→ **WORK TO BE COMPLETED**
Your job is to transcribe the material exactly. Keep every line.

→ **EXTRACTED MATERIAL**
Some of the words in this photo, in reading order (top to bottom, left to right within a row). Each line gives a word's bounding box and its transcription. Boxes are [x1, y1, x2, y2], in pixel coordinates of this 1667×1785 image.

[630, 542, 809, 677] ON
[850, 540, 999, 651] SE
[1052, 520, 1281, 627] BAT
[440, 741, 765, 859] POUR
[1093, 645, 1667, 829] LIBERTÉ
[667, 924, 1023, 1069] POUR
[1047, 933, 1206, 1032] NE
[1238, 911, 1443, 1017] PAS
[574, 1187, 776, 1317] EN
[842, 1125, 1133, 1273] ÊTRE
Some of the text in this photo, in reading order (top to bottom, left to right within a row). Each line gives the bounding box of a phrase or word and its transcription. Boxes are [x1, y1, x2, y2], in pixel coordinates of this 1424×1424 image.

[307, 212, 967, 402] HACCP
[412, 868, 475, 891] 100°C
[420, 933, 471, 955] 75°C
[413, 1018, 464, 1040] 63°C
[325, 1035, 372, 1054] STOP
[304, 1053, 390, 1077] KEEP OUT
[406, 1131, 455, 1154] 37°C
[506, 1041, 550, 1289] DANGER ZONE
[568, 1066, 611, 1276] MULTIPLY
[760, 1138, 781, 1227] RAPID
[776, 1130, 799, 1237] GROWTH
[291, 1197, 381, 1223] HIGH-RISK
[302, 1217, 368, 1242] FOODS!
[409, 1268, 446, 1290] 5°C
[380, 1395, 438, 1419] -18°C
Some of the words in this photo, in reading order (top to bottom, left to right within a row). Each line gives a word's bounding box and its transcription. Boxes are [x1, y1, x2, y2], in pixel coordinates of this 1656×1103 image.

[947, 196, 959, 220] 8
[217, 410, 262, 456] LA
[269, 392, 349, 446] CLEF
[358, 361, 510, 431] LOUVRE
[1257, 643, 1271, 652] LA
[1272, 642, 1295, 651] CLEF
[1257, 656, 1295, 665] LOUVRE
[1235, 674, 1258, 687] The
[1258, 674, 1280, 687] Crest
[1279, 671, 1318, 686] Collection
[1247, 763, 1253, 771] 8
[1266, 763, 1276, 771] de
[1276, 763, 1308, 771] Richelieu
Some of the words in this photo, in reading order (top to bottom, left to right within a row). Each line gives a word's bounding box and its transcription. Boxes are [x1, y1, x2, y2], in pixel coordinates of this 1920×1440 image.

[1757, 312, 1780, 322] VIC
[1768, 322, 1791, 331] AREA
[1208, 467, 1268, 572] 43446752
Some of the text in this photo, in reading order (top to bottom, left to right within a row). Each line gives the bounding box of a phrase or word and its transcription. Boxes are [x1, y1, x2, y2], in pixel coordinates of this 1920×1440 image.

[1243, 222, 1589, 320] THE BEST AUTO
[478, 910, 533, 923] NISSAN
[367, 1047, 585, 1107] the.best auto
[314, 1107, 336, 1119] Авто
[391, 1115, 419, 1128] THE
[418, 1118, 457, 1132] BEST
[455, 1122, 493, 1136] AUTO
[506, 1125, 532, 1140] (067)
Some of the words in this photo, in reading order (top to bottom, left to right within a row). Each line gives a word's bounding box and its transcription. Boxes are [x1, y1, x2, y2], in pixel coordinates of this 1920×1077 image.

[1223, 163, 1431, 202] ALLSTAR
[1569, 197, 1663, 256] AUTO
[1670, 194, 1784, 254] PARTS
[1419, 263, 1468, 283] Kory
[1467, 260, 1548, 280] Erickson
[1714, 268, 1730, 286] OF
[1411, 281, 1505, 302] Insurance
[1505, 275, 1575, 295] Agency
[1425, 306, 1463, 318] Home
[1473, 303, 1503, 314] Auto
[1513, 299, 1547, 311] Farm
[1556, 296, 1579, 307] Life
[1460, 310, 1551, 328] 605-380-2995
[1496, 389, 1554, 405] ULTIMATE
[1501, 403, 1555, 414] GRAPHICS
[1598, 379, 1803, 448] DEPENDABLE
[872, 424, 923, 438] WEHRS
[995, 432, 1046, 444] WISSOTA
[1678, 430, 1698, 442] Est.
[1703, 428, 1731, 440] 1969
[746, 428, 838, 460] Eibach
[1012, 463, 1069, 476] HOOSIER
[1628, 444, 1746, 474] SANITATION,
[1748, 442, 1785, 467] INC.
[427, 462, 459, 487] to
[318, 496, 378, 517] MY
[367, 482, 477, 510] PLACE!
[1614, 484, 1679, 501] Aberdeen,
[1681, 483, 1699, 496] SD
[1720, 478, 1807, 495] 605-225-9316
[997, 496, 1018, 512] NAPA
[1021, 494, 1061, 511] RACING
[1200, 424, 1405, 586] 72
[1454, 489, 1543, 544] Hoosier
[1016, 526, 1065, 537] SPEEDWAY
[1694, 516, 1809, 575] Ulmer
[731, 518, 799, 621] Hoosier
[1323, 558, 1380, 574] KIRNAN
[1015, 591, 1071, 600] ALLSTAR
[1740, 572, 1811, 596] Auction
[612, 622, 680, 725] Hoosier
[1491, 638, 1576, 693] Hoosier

→ **REPLY**
Some of the words in this photo, in reading order (top to bottom, left to right within a row). Each line gives a word's bounding box and its transcription. Boxes are [x1, y1, x2, y2], in pixel coordinates of this 1667×1785 image.

[630, 542, 809, 677] ON
[850, 540, 999, 651] SE
[1052, 520, 1281, 627] BAT
[440, 741, 765, 859] POUR
[1093, 645, 1667, 829] LIBERTÉ
[667, 924, 1023, 1069] POUR
[1047, 933, 1206, 1032] NE
[1238, 911, 1443, 1017] PAS
[574, 1187, 776, 1317] EN
[842, 1125, 1133, 1273] ÊTRE
Some of the text in this photo, in reading order (top to bottom, left to right within a row). Each line gives the bounding box of a phrase or word and its transcription. Boxes are [x1, y1, x2, y2], in pixel coordinates of this 1424×1424 image.

[307, 212, 967, 402] HACCP
[412, 868, 475, 891] 100°C
[420, 933, 471, 955] 75°C
[413, 1018, 464, 1040] 63°C
[325, 1035, 372, 1054] STOP
[304, 1053, 390, 1077] KEEP OUT
[406, 1131, 455, 1154] 37°C
[506, 1041, 550, 1289] DANGER ZONE
[568, 1066, 611, 1276] MULTIPLY
[760, 1138, 781, 1227] RAPID
[776, 1130, 799, 1237] GROWTH
[291, 1197, 381, 1223] HIGH-RISK
[302, 1217, 368, 1242] FOODS!
[409, 1268, 446, 1290] 5°C
[380, 1395, 438, 1419] -18°C
Some of the words in this photo, in reading order (top to bottom, left to right within a row). Each line gives a word's bounding box and its transcription. Boxes are [x1, y1, x2, y2], in pixel coordinates of this 1656×1103 image.

[947, 196, 959, 220] 8
[217, 410, 262, 456] LA
[269, 392, 349, 446] CLEF
[358, 361, 510, 431] LOUVRE
[1257, 643, 1271, 652] LA
[1272, 642, 1295, 651] CLEF
[1257, 656, 1295, 665] LOUVRE
[1235, 674, 1258, 687] The
[1258, 674, 1280, 687] Crest
[1279, 671, 1318, 686] Collection
[1247, 763, 1253, 771] 8
[1266, 763, 1276, 771] de
[1276, 763, 1308, 771] Richelieu
Some of the words in this photo, in reading order (top to bottom, left to right within a row). Each line gives a word's bounding box and its transcription. Boxes are [x1, y1, x2, y2], in pixel coordinates of this 1920×1440 image.

[1757, 312, 1780, 322] VIC
[1768, 322, 1791, 331] AREA
[1208, 467, 1268, 572] 43446752
Some of the text in this photo, in reading order (top to bottom, left to right within a row). Each line gives the bounding box of a phrase or word and its transcription. Boxes are [x1, y1, x2, y2], in pixel coordinates of this 1920×1440 image.

[1243, 222, 1589, 320] THE BEST AUTO
[478, 910, 533, 923] NISSAN
[367, 1047, 585, 1107] the.best auto
[314, 1107, 336, 1119] Авто
[391, 1115, 419, 1128] THE
[418, 1118, 457, 1132] BEST
[455, 1122, 493, 1136] AUTO
[506, 1125, 532, 1140] (067)
Some of the words in this photo, in reading order (top to bottom, left to right within a row). Each line gives a word's bounding box and its transcription. Boxes are [x1, y1, x2, y2], in pixel coordinates of this 1920×1077 image.

[1223, 163, 1431, 202] ALLSTAR
[1569, 197, 1663, 256] AUTO
[1670, 194, 1784, 254] PARTS
[1419, 263, 1468, 283] Kory
[1467, 260, 1548, 280] Erickson
[1714, 268, 1730, 286] OF
[1411, 281, 1505, 302] Insurance
[1505, 275, 1575, 295] Agency
[1425, 306, 1463, 318] Home
[1473, 303, 1503, 314] Auto
[1513, 299, 1547, 311] Farm
[1556, 296, 1579, 307] Life
[1460, 310, 1551, 328] 605-380-2995
[1496, 389, 1554, 405] ULTIMATE
[1501, 403, 1555, 414] GRAPHICS
[1598, 379, 1803, 448] DEPENDABLE
[872, 424, 923, 438] WEHRS
[995, 432, 1046, 444] WISSOTA
[1678, 430, 1698, 442] Est.
[1703, 428, 1731, 440] 1969
[746, 428, 838, 460] Eibach
[1012, 463, 1069, 476] HOOSIER
[1628, 444, 1746, 474] SANITATION,
[1748, 442, 1785, 467] INC.
[427, 462, 459, 487] to
[318, 496, 378, 517] MY
[367, 482, 477, 510] PLACE!
[1614, 484, 1679, 501] Aberdeen,
[1681, 483, 1699, 496] SD
[1720, 478, 1807, 495] 605-225-9316
[997, 496, 1018, 512] NAPA
[1021, 494, 1061, 511] RACING
[1200, 424, 1405, 586] 72
[1454, 489, 1543, 544] Hoosier
[1016, 526, 1065, 537] SPEEDWAY
[1694, 516, 1809, 575] Ulmer
[731, 518, 799, 621] Hoosier
[1323, 558, 1380, 574] KIRNAN
[1015, 591, 1071, 600] ALLSTAR
[1740, 572, 1811, 596] Auction
[612, 622, 680, 725] Hoosier
[1491, 638, 1576, 693] Hoosier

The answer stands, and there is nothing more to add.